→ **ASSIGNMENT**: Copy the data precisely, character for character, and leave out every picture.

→ **INPUT FOR THIS TASK**:
--

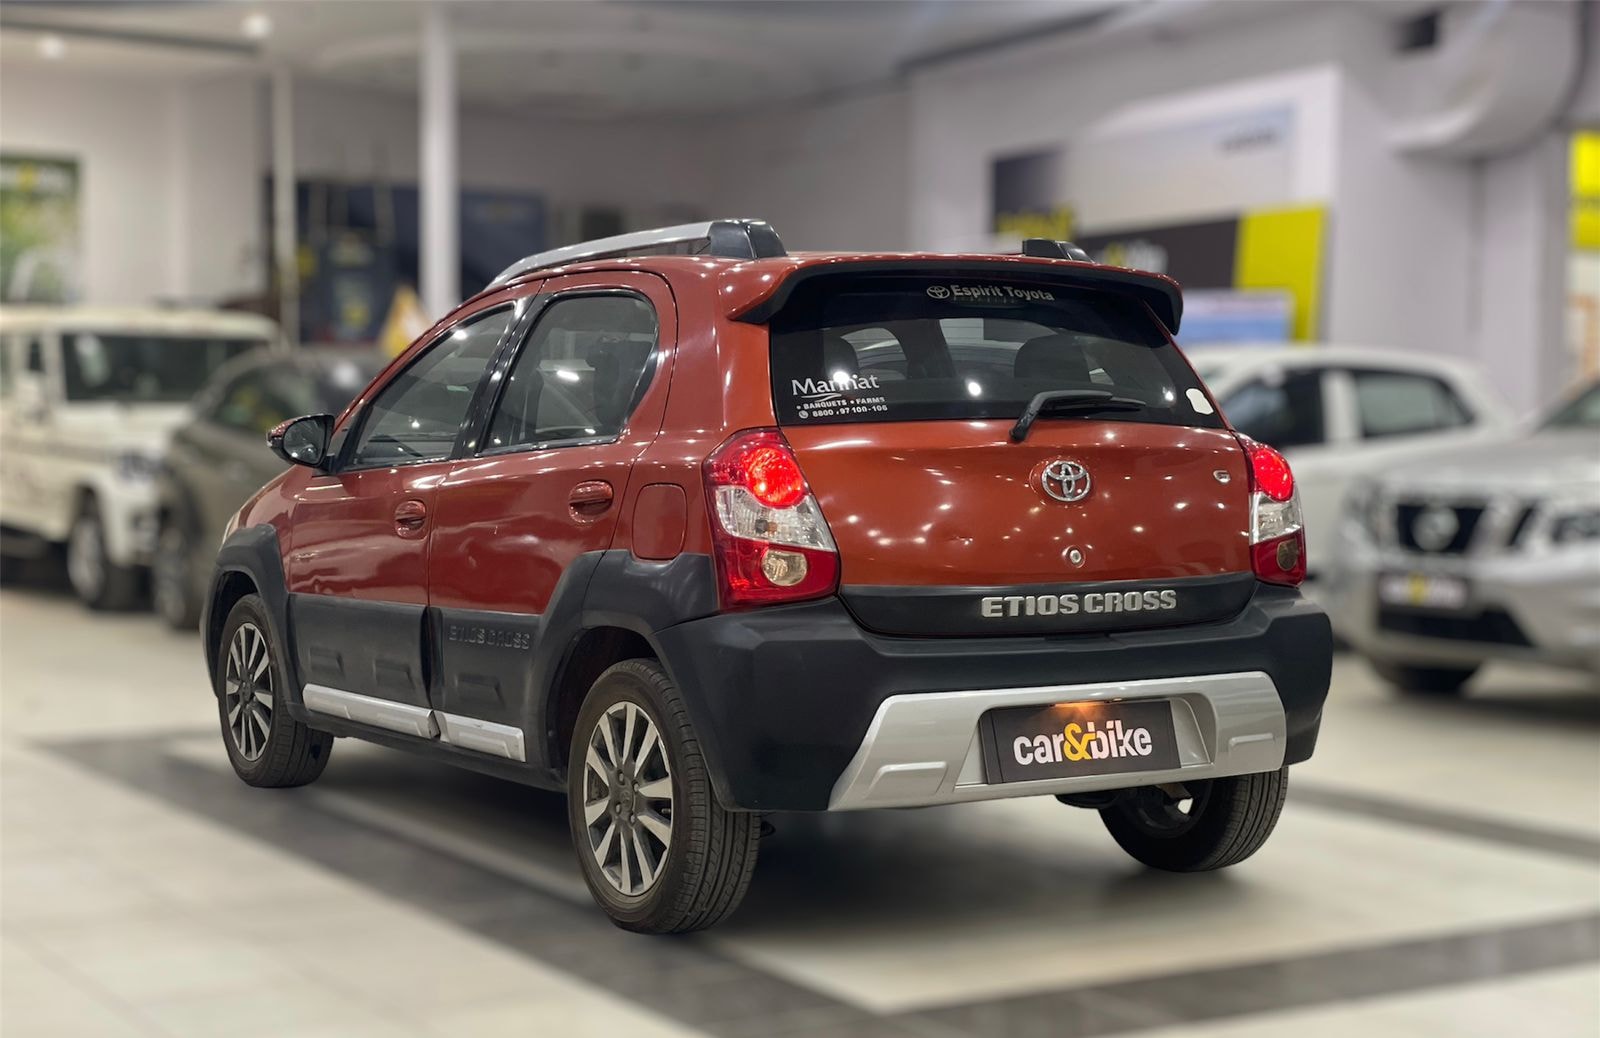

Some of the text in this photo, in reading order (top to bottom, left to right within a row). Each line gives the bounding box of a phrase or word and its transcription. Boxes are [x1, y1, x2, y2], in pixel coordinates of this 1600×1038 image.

[950, 284, 1003, 298] Espirit
[1003, 286, 1055, 301] Toyota
[803, 396, 885, 410] BANQUETS FARMS
[981, 589, 1177, 618] ETIOS CROSS
[1013, 720, 1153, 766] car&bike

--

→ **SOLUTION FOR THIS PROBLEM**:
Some of the text in this photo, in reading order (top to bottom, left to right within a row). Each line gives the bounding box of a phrase or word and its transcription. Boxes are [x1, y1, x2, y2], in pixel coordinates of this 1600×1038 image.

[950, 284, 1003, 298] Espirit
[1003, 286, 1055, 301] Toyota
[803, 396, 885, 410] BANQUETS FARMS
[981, 589, 1177, 618] ETIOS CROSS
[1013, 720, 1153, 766] car&bike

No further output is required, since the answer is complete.